Se desbarató el barril, ellos salieron a tierra firme y echaron a andar a la buena de Dios. Con tanto andar, sin comer ni beber, la zarevna estaba extenuada y apenas podía arrastrar los pies.
-¿Qué? -preguntó el campesino pobre. ¿Sabes ahora ya lo que es el hambre y lo que es la sed?
-Sí, sí; ya lo sé.
-Pues ya sabes lo que padece la gente pobre. ¡Y tú no quisis­te darme una limosna el día de la fiesta del Señor!
Luego murmuró:
-Por mandato del lucio, por bendición divina, que aparezca un rico palacio sin igual en el mundo, con jardines, estanques y todas las dependencias necesarias...
No había terminado de formular el deseo, cuando apareció un rico palacio. Acudieron muchos servidores que los condujeron a las salas de mármol donde esperaban las mesas servidas. Las salas estaban maravillosa-mente amuebladas y adornadas, y las mesas cubiertas de manjares, bebidas y dulces. El pobre y la zarevna co­mieron, bebieron, descansaron un poco y salieron al jardín.
-Todo estaría perfecto -dijo la zarevna, si no fuera por­que no hay ni una sola ave sobre nuestro estanque.
-Las habrá, no te preocupes -dijo el pobre, y murmuró: Por mandado del lucio, por bendición divina, que aparezcan sobre este estanque doce ocas y un ganso con todo el plumaje hecho mitad de plumas de oro y mitad de plumas de plata y que el ganso tenga una moña de brillantes.

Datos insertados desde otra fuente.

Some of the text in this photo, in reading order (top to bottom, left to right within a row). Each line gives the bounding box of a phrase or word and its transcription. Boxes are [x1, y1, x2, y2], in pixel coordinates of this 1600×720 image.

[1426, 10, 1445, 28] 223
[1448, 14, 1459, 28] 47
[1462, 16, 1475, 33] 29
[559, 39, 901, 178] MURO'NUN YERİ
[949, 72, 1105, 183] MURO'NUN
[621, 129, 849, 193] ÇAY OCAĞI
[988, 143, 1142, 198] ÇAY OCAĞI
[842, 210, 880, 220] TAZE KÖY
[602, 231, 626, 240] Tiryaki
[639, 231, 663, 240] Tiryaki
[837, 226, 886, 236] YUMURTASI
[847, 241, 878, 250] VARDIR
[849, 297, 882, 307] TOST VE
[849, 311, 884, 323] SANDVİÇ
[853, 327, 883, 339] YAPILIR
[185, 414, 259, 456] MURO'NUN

Al instante aparecieron sobre el agua doce ocas y un ganso con la mitad de las plumas de oro y la otra mitad de plata. Además, el ganso tenía una moña de brillantes coronándole la cabeza.

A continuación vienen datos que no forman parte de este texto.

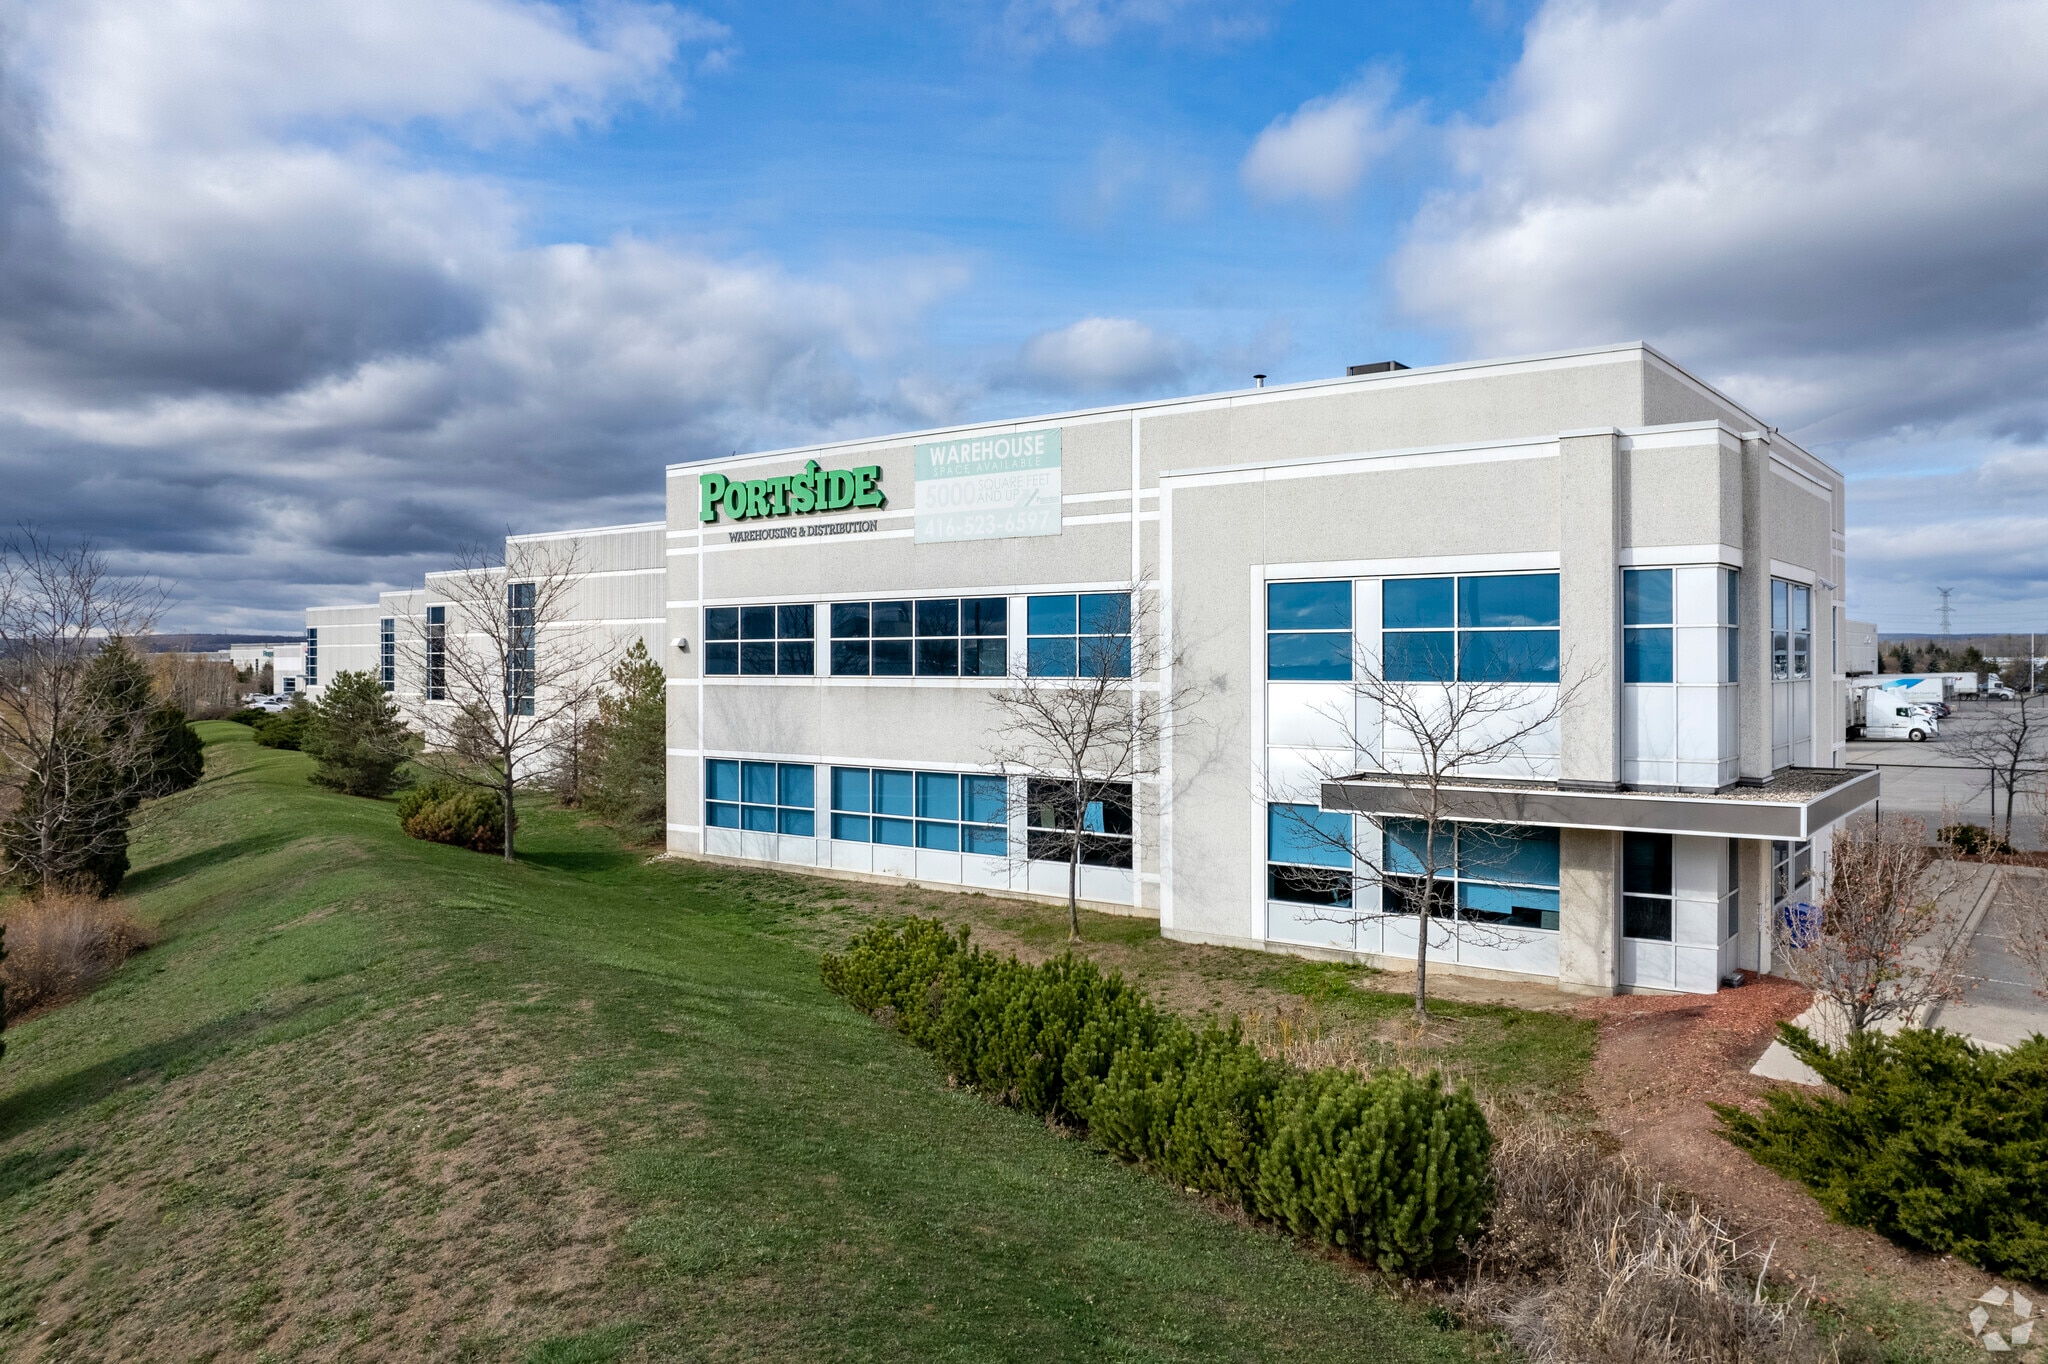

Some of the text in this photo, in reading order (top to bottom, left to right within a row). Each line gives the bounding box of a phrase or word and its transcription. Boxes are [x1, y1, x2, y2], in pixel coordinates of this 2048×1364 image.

[930, 436, 1044, 465] WAREHOUSE
[933, 456, 1040, 477] SPACE AVAILABLE
[977, 472, 1050, 491] SQUARE FEET
[926, 481, 976, 508] 5000
[977, 490, 1002, 505] AND
[1005, 489, 1020, 502] UP
[729, 520, 878, 543] WAREHOUSING & DISTRIBUTION
[924, 510, 1051, 538] 416-523-6597

De este modo fue viviendo la zarevna sin penas ni sufrimientos al lado de su marido, mientras su hijo crecía. Se hizo mayor, notó que rebosaba fuerza y les pidió a sus padres permiso para recorrer mundo y buscarse una prometida.
-Que Dios te acompañe, hijo -dijeron los padres.
El joven ensilló su recio caballo y se puso en camino. Al cabo de algún tiempo se encontró con una viejecilla.
-Hola, zarévich ruso. ¿Hacia dónde vas?
-Pues voy a buscar una novia, abuela, aunque no sé hacia dónde tirar.
-Yo te lo diré, hijito. Cruza el mar hasta el más remoto de los reinos, y allá encontrarás a una princesita tan linda, que no ha­llarías otra mejor ni aun recorriendo el mundo entero.
El joven le dio las gracias a la anciana, fue al muelle, fletó un barco y puso proa hacia el más remoto de los reinos.
Navegó por el mar -no sé si poco o mucho, porque las cosas se cuentan de prisa, pero se hacen despacio-, hasta que llegó al reino que buscaba, compareció ante el rey y le pidió la mano de su hija.
-No eres el único que aspira a su mano -le dijo el rey-: tam­bién la solicita un bogatir muy poderoso. Si le rechazamos, asolará todo el estado.
-Y si me rechazáis a mí, yo lo asolaré.
-¿Qué estás diciendo? Mejor será que midáis vuestras fuer­zas. Al que venza, yo le concederé la mano de mi hija.
-De acuerdo. Ya puedes invitar a todos los zares y los zarévi­ches, a todos los reyes y todos los príncipes para que vengan a pre­senciar una lid honrada y a celebrar la boda.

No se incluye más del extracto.